Material to process:
________________________________________

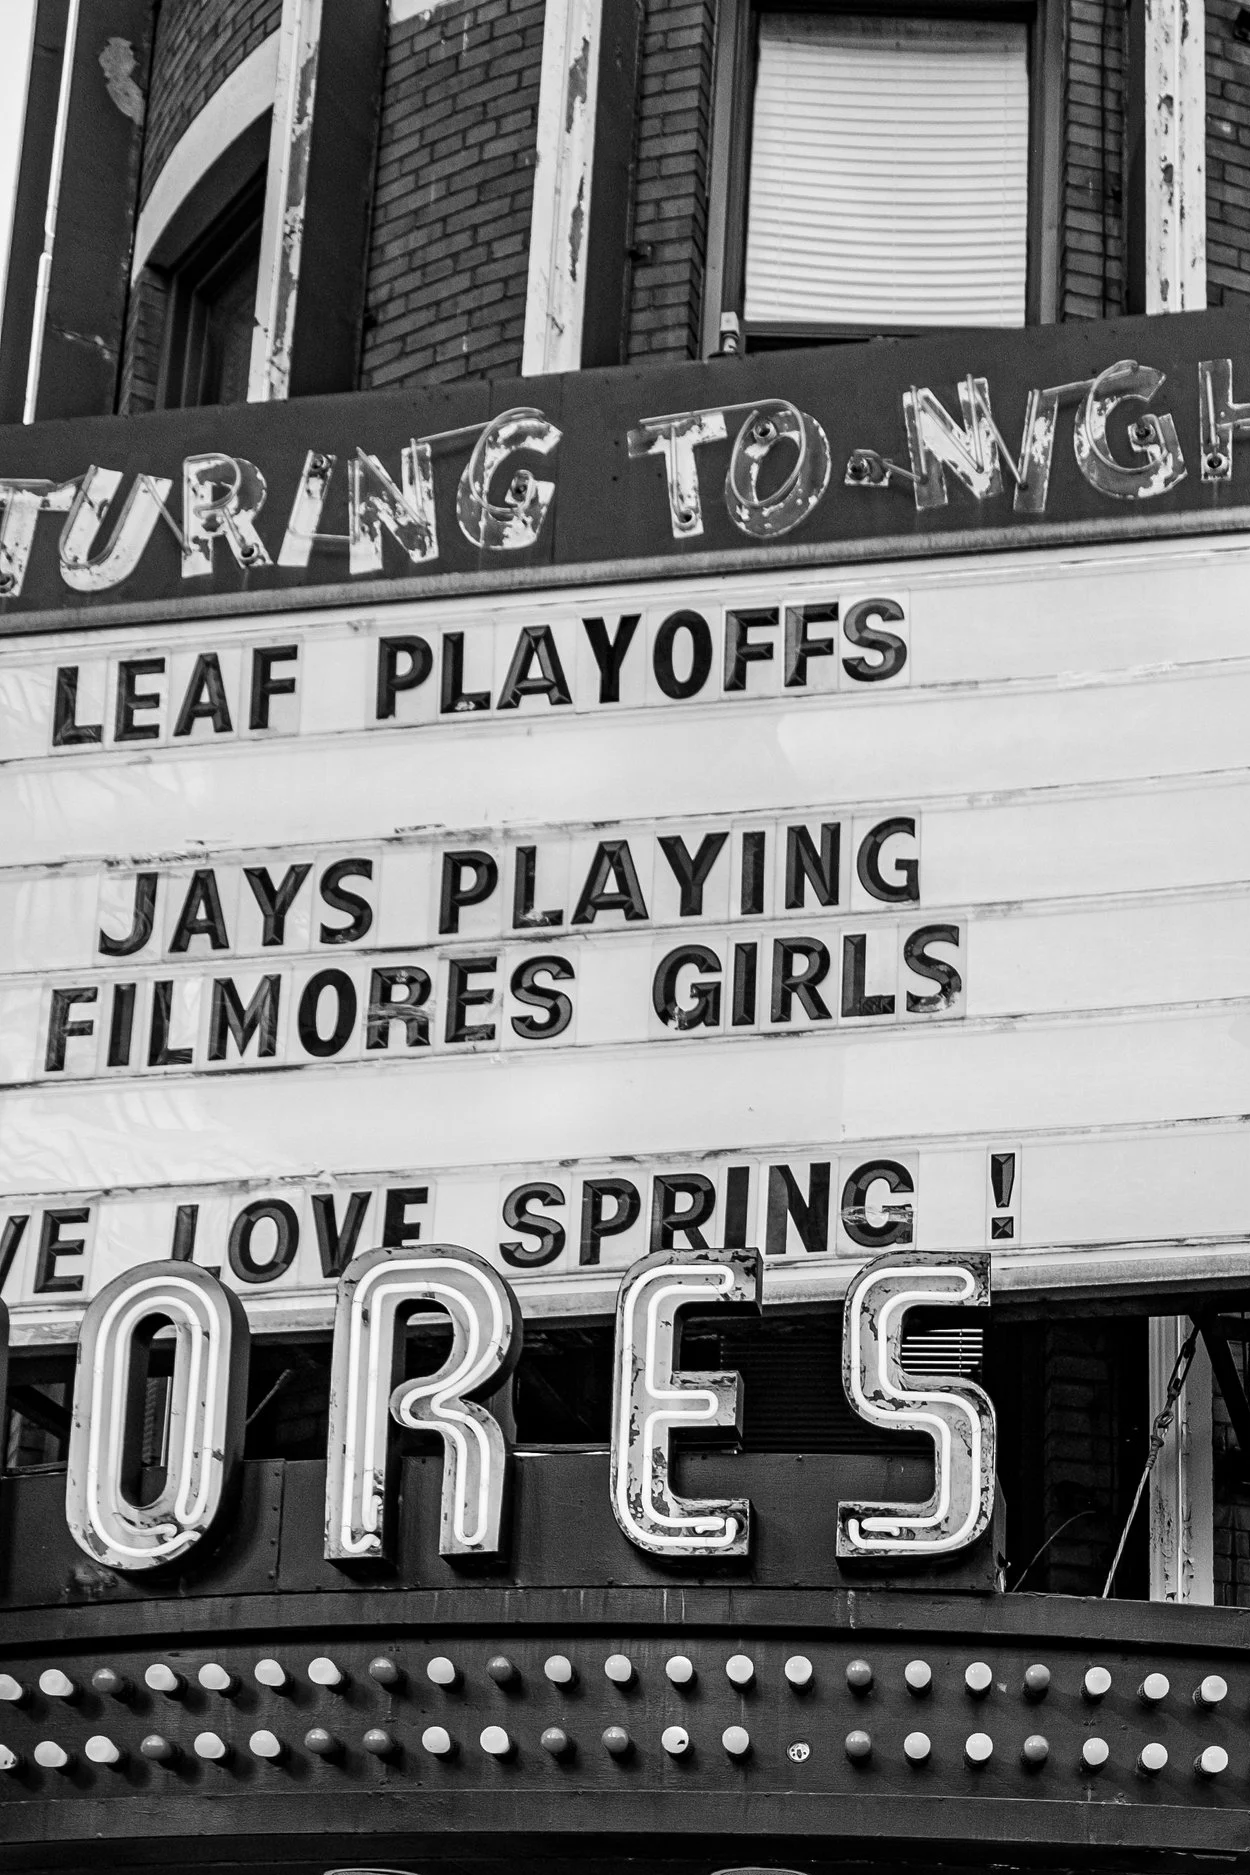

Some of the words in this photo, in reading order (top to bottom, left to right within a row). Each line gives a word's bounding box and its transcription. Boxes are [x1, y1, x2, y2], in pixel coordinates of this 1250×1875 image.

[52, 645, 300, 746] LEAF
[377, 598, 908, 719] PLAYOFFS
[98, 857, 374, 957] JAYS
[440, 816, 921, 934] PLAYING
[44, 955, 575, 1072] FILMORES
[653, 924, 962, 1031] GIRLS
[172, 1186, 429, 1284] LOVE
[500, 1158, 915, 1268] SPRING
[990, 1153, 1016, 1239] !

________________________________________

What you have to do:
Any picture in the data is to be skipped, while each line is returned exactly as written.

Result of the task:
Some of the words in this photo, in reading order (top to bottom, left to right within a row). Each line gives a word's bounding box and its transcription. Boxes are [x1, y1, x2, y2], in pixel coordinates of this 1250×1875 image.

[52, 645, 300, 746] LEAF
[377, 598, 908, 719] PLAYOFFS
[98, 857, 374, 957] JAYS
[440, 816, 921, 934] PLAYING
[44, 955, 575, 1072] FILMORES
[653, 924, 962, 1031] GIRLS
[172, 1186, 429, 1284] LOVE
[500, 1158, 915, 1268] SPRING
[990, 1153, 1016, 1239] !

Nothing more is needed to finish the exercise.